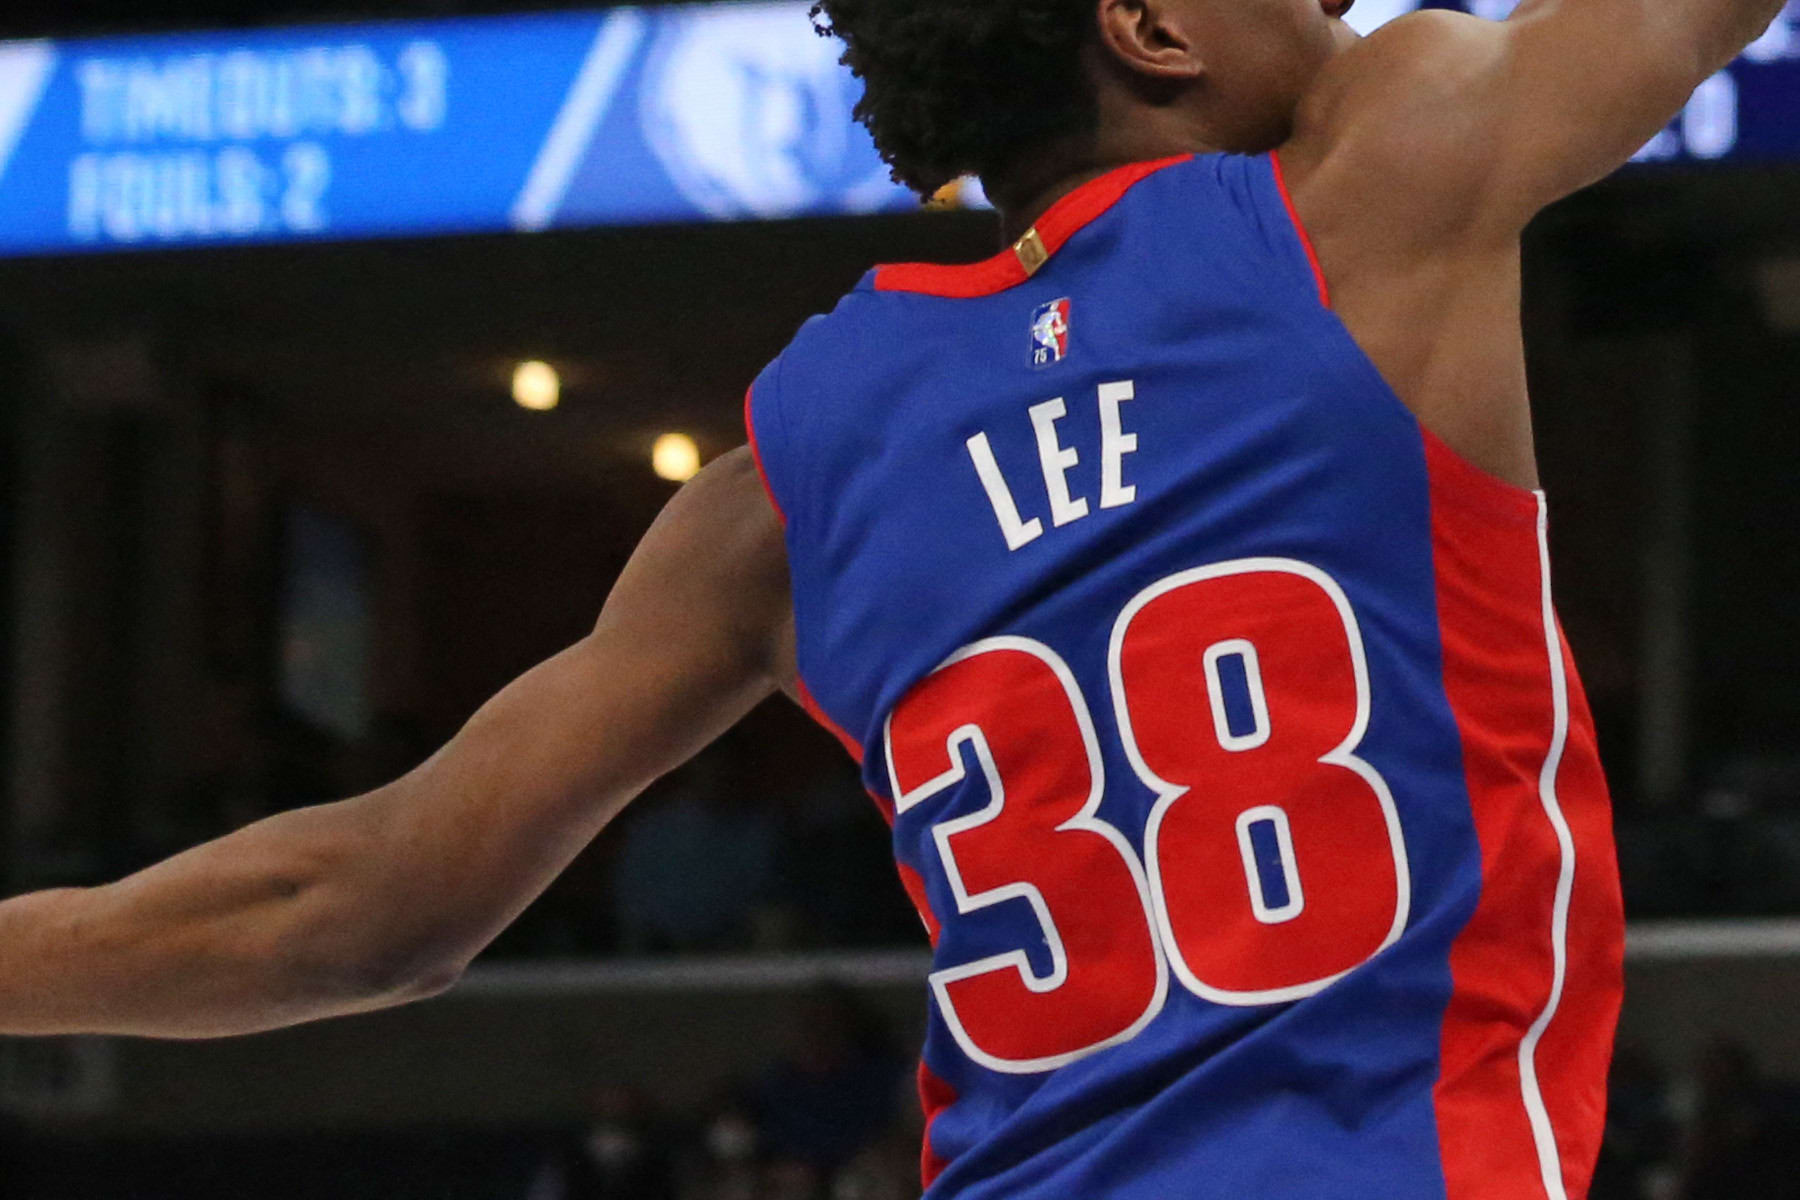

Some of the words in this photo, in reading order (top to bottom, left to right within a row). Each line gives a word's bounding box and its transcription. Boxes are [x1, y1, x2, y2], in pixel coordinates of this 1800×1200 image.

[77, 45, 396, 142] TIMEOUTS:
[68, 144, 277, 240] FOULS:
[281, 141, 331, 231] 2
[1033, 347, 1048, 365] 75
[966, 380, 1138, 552] LEE
[883, 557, 1411, 1074] 38
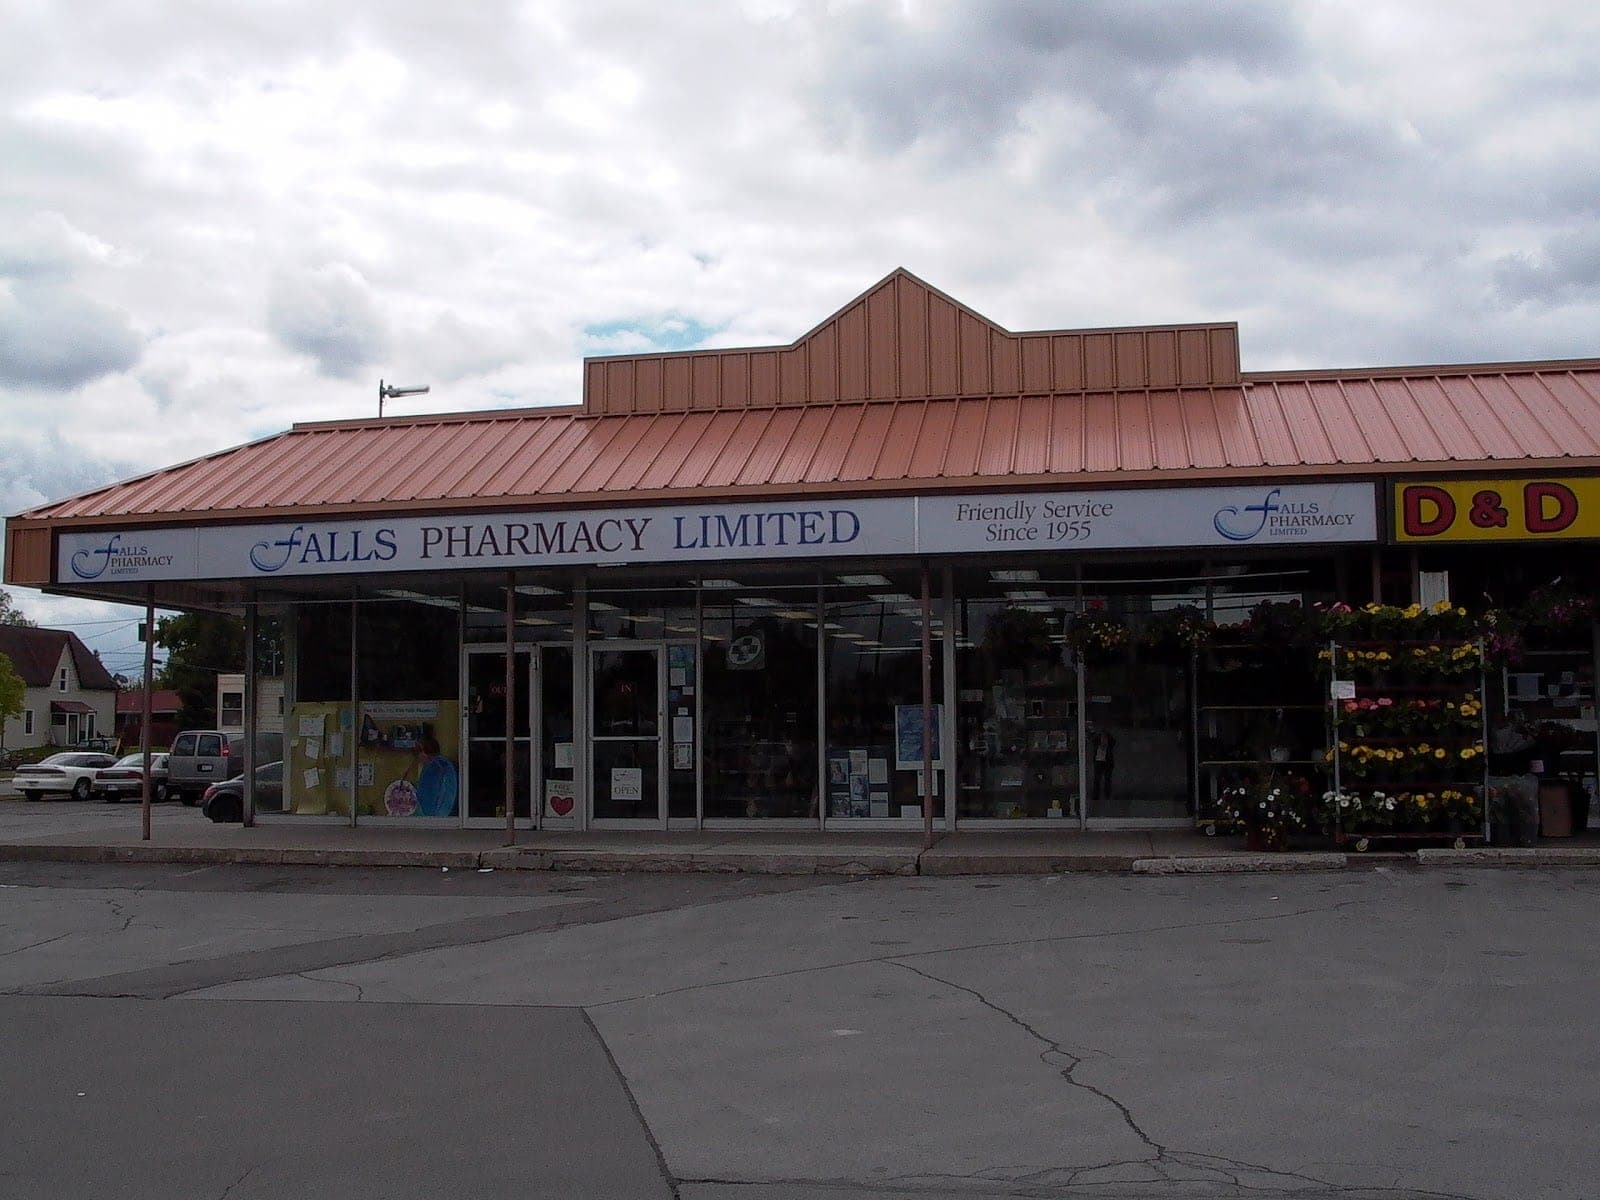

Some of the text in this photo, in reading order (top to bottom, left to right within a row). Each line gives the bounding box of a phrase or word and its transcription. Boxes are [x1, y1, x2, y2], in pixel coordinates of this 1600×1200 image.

[956, 500, 1113, 524] Friendly Service
[1402, 482, 1579, 537] D & D
[1269, 514, 1355, 528] PHARMACY
[420, 518, 652, 558] PHARMACY
[673, 510, 860, 549] LIMITED
[985, 520, 1092, 542] Since 1955
[1269, 528, 1308, 537] LIMITED
[111, 555, 174, 568] PHARMACY
[110, 567, 139, 575] LIMITED
[614, 786, 640, 795] OPEN
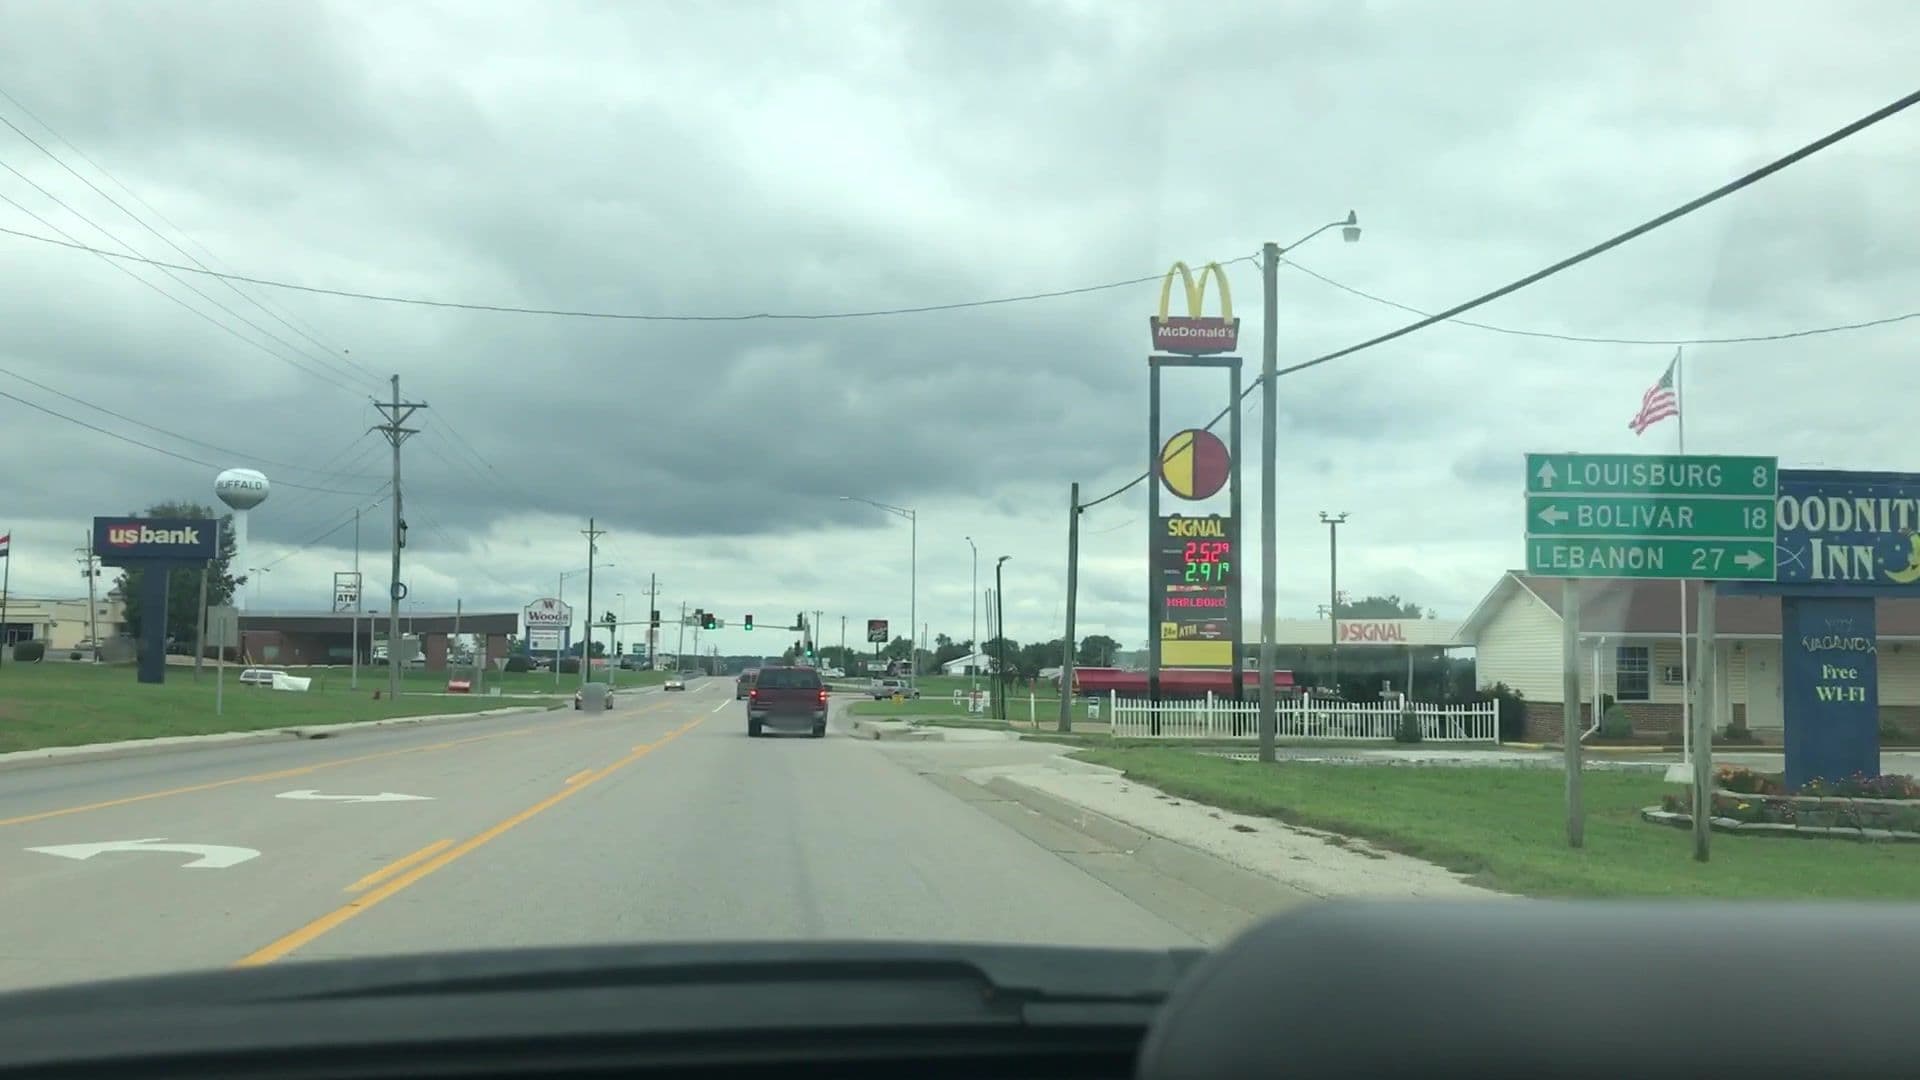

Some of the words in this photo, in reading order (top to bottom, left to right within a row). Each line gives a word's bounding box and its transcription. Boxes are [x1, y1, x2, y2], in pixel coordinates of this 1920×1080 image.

[1158, 326, 1235, 338] McDonald's
[1567, 463, 1722, 488] LOUISBURG
[1752, 465, 1768, 488] 8
[217, 480, 263, 490] BUFFALO
[1577, 504, 1694, 529] BOLIVAR
[1743, 507, 1768, 529] 18
[1776, 495, 1920, 533] OODNIT
[1168, 519, 1225, 537] SIGNAL
[1535, 545, 1664, 570] LEBANON
[1691, 548, 1725, 570] 27
[337, 594, 357, 602] ATM
[1167, 597, 1227, 607] MARLBORO
[1350, 623, 1406, 641] SIGNAL
[1802, 635, 1877, 655] VACANCY
[1822, 664, 1858, 680] Free
[1815, 686, 1865, 702] WI-FI
■ ■ ■ ■ ■
**WORK INSTRUCTIONS**
All of the data is to be returned exactly, with no pictures included.

**PROBLEM SOLUTION**
Some of the words in this photo, in reading order (top to bottom, left to right within a row). Each line gives a word's bounding box and its transcription. Boxes are [x1, y1, x2, y2], in pixel coordinates of this 1800×1200 image.

[77, 45, 396, 142] TIMEOUTS:
[68, 144, 277, 240] FOULS:
[281, 141, 331, 231] 2
[1033, 347, 1048, 365] 75
[966, 380, 1138, 552] LEE
[883, 557, 1411, 1074] 38

Some of the text in this photo, in reading order (top to bottom, left to right within a row). Each line gives the bounding box of a phrase or word and its transcription. Boxes are [x1, y1, x2, y2], in pixel coordinates of this 1600×1200 image.

[956, 500, 1113, 524] Friendly Service
[1402, 482, 1579, 537] D & D
[1269, 514, 1355, 528] PHARMACY
[420, 518, 652, 558] PHARMACY
[673, 510, 860, 549] LIMITED
[985, 520, 1092, 542] Since 1955
[1269, 528, 1308, 537] LIMITED
[111, 555, 174, 568] PHARMACY
[110, 567, 139, 575] LIMITED
[614, 786, 640, 795] OPEN

Some of the words in this photo, in reading order (top to bottom, left to right within a row). Each line gives a word's bounding box and its transcription. Boxes are [x1, y1, x2, y2], in pixel coordinates of this 1920×1080 image.

[1158, 326, 1235, 338] McDonald's
[1567, 463, 1722, 488] LOUISBURG
[1752, 465, 1768, 488] 8
[217, 480, 263, 490] BUFFALO
[1577, 504, 1694, 529] BOLIVAR
[1743, 507, 1768, 529] 18
[1776, 495, 1920, 533] OODNIT
[1168, 519, 1225, 537] SIGNAL
[1535, 545, 1664, 570] LEBANON
[1691, 548, 1725, 570] 27
[337, 594, 357, 602] ATM
[1167, 597, 1227, 607] MARLBORO
[1350, 623, 1406, 641] SIGNAL
[1802, 635, 1877, 655] VACANCY
[1822, 664, 1858, 680] Free
[1815, 686, 1865, 702] WI-FI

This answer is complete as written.